-- Action item --
Transcribe every entry verbatim; omit pictures.

-- Material to process --
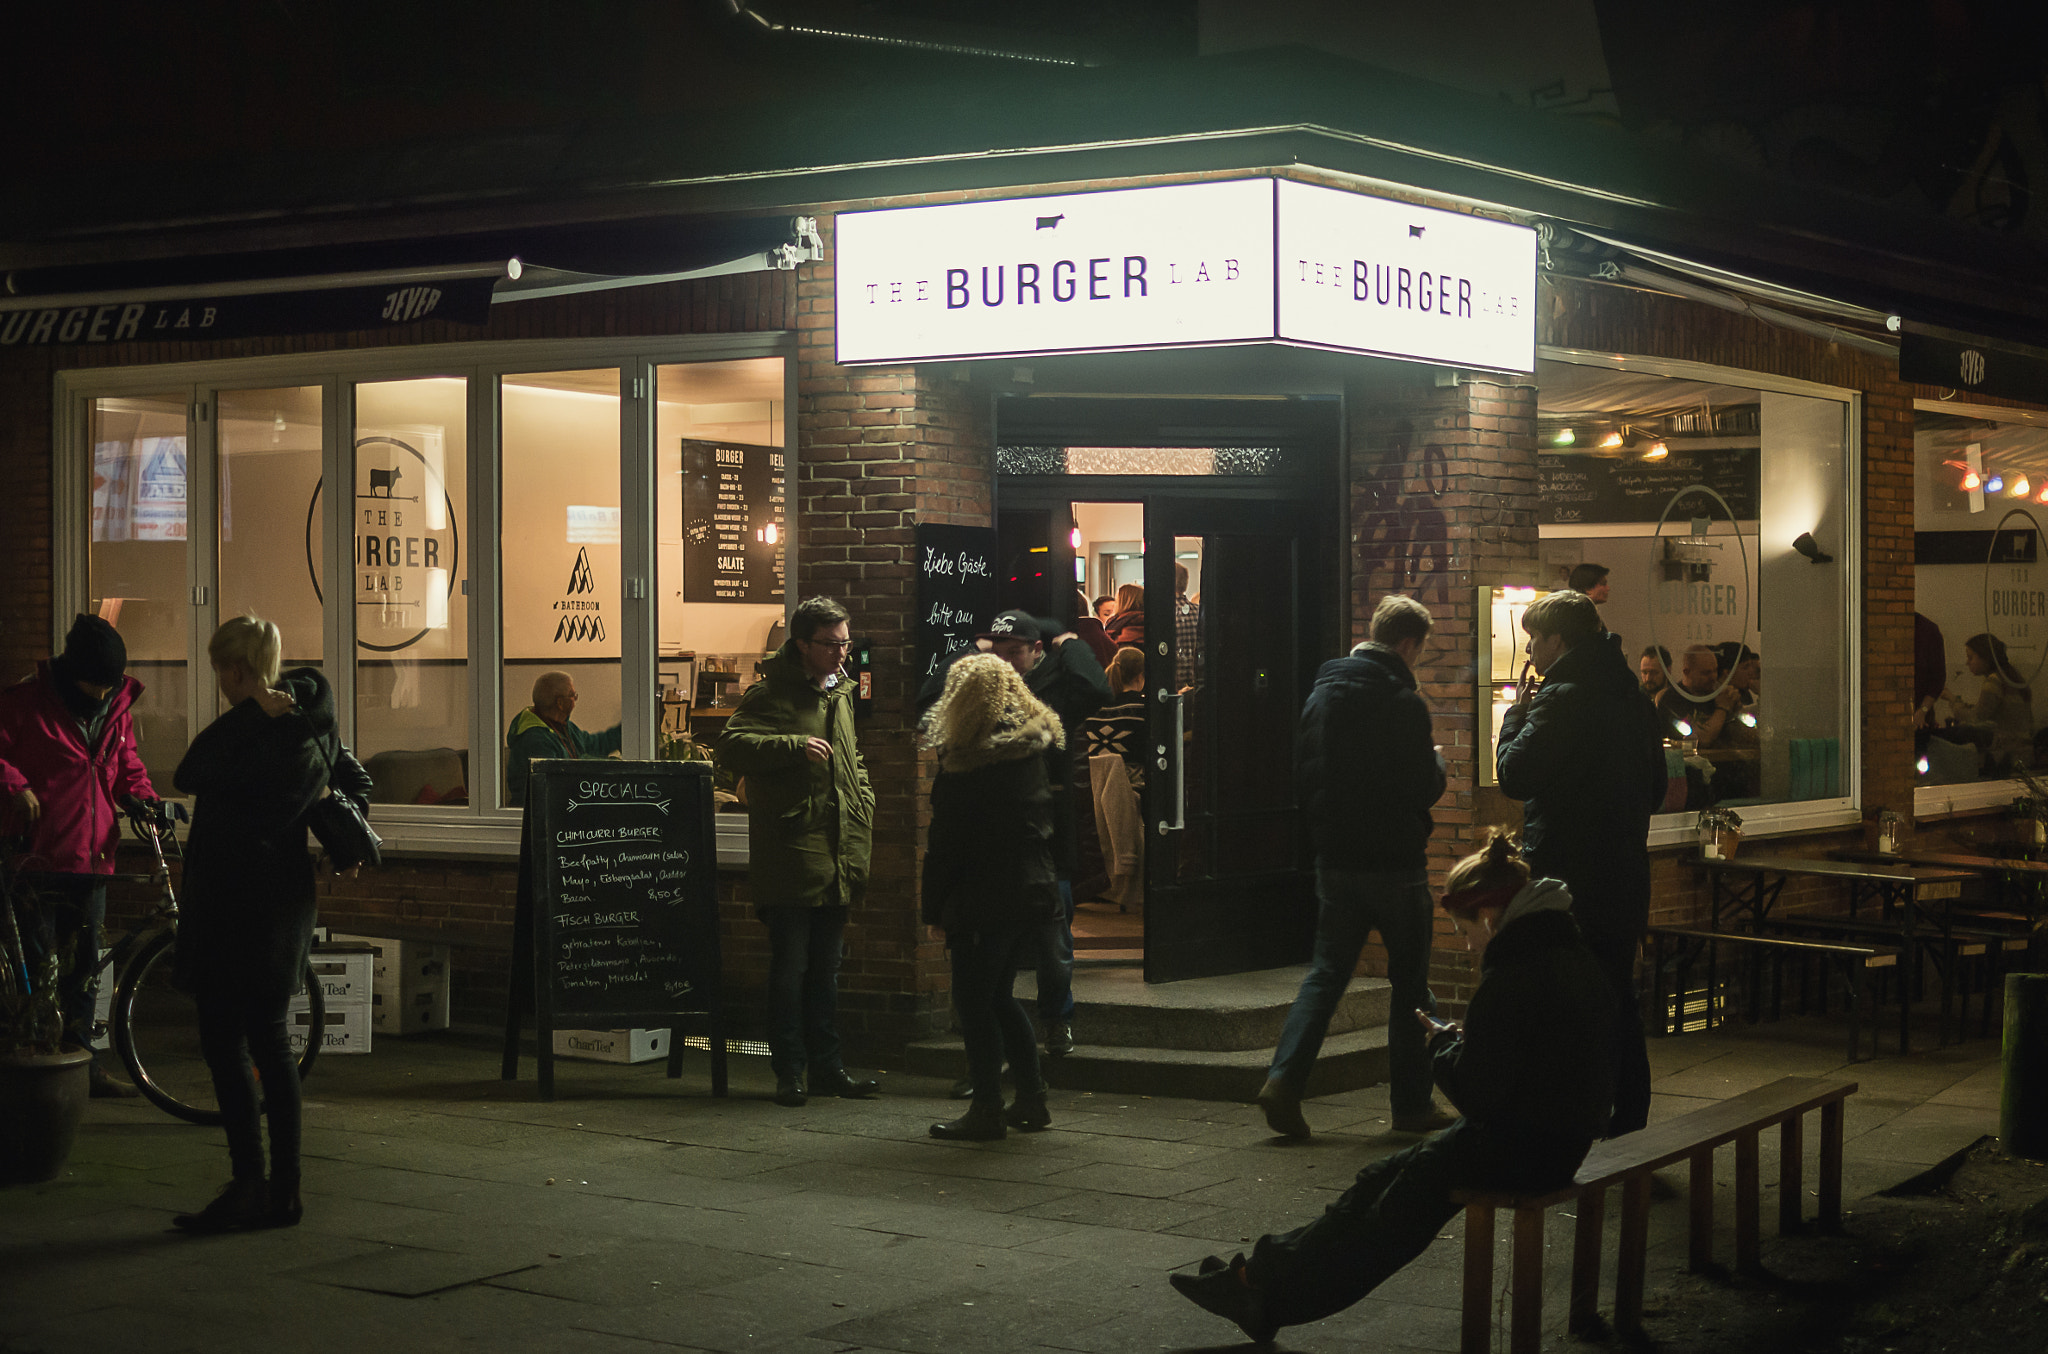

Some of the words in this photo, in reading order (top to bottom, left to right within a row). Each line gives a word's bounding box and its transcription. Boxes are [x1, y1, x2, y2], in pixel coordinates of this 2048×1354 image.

[866, 280, 929, 305] THE
[946, 255, 1149, 310] BURGER
[1168, 258, 1240, 285] LAB
[1353, 259, 1472, 319] BURGER
[381, 287, 442, 322] JEVER
[0, 304, 147, 345] URGER
[153, 306, 218, 330] LAB
[1959, 349, 1986, 385] JEVER
[715, 448, 744, 465] BURGER
[364, 509, 404, 527] THE
[717, 556, 745, 572] SALATE
[923, 545, 954, 579] Liebe
[364, 574, 404, 592] LAB
[1660, 583, 1738, 616] BURGER
[1992, 588, 2046, 617] BURGER
[925, 601, 954, 627] bitte
[579, 780, 662, 799] SPECIALS
[647, 887, 671, 902] 8,50
[552, 913, 591, 928] FISCH
[567, 1036, 612, 1053] ChariTea

-- Answer to the exercise --
Some of the words in this photo, in reading order (top to bottom, left to right within a row). Each line gives a word's bounding box and its transcription. Boxes are [x1, y1, x2, y2], in pixel coordinates of this 2048×1354 image.

[866, 280, 929, 305] THE
[946, 255, 1149, 310] BURGER
[1168, 258, 1240, 285] LAB
[1353, 259, 1472, 319] BURGER
[381, 287, 442, 322] JEVER
[0, 304, 147, 345] URGER
[153, 306, 218, 330] LAB
[1959, 349, 1986, 385] JEVER
[715, 448, 744, 465] BURGER
[364, 509, 404, 527] THE
[717, 556, 745, 572] SALATE
[923, 545, 954, 579] Liebe
[364, 574, 404, 592] LAB
[1660, 583, 1738, 616] BURGER
[1992, 588, 2046, 617] BURGER
[925, 601, 954, 627] bitte
[579, 780, 662, 799] SPECIALS
[647, 887, 671, 902] 8,50
[552, 913, 591, 928] FISCH
[567, 1036, 612, 1053] ChariTea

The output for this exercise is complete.